What you should do —
Where an entry below contains an image, skip the image and copy the rest exactly.

** Opening Extracted entries block **

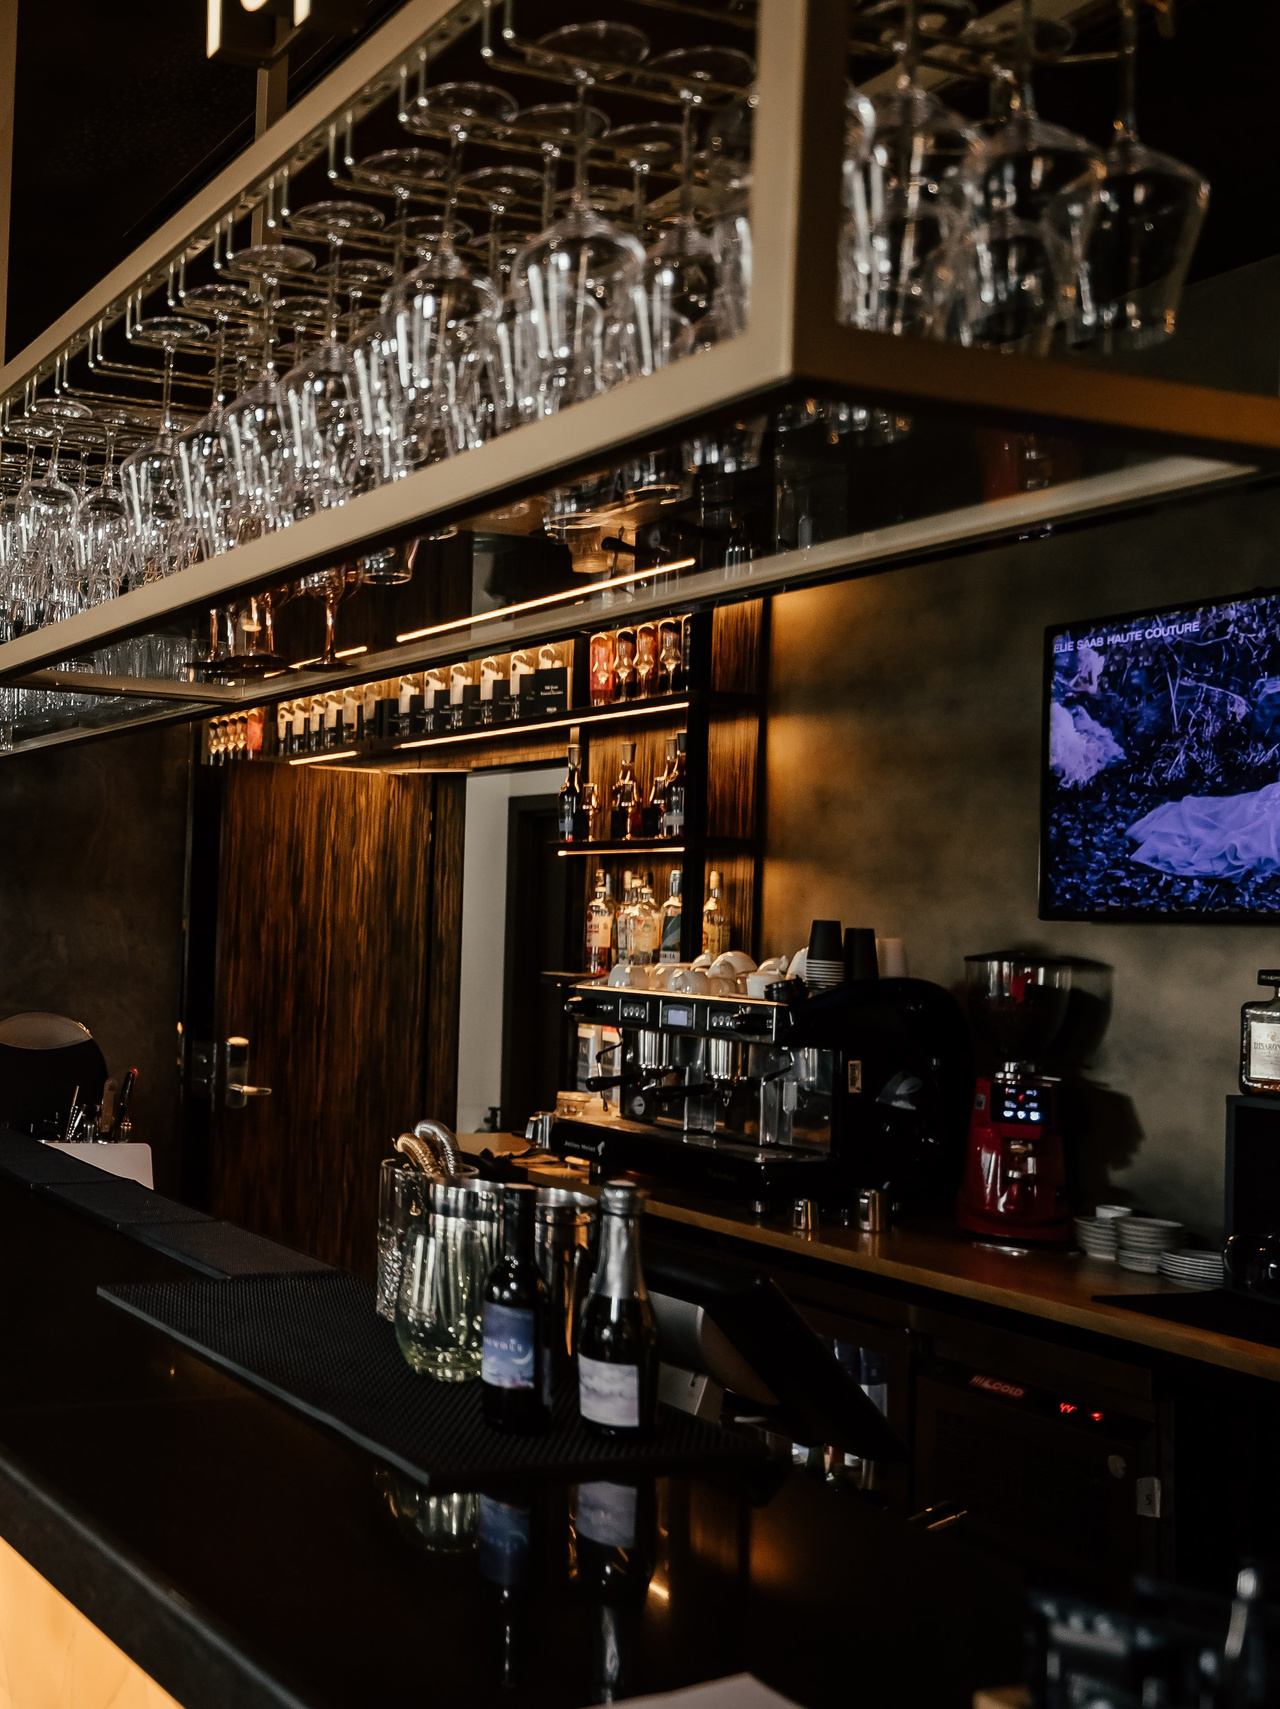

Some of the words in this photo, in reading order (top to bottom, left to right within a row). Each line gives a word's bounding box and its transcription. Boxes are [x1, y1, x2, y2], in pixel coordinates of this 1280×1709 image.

[1053, 641, 1075, 653] ELIE
[1076, 637, 1104, 650] SAAB
[1107, 630, 1142, 645] HAUTE
[1145, 621, 1200, 639] COUTURE

** Closing Extracted entries block **

Answer box —
Some of the words in this photo, in reading order (top to bottom, left to right within a row). Each line gives a word's bounding box and its transcription. Boxes are [x1, y1, x2, y2], in pixel coordinates of this 1280×1709 image.

[1053, 641, 1075, 653] ELIE
[1076, 637, 1104, 650] SAAB
[1107, 630, 1142, 645] HAUTE
[1145, 621, 1200, 639] COUTURE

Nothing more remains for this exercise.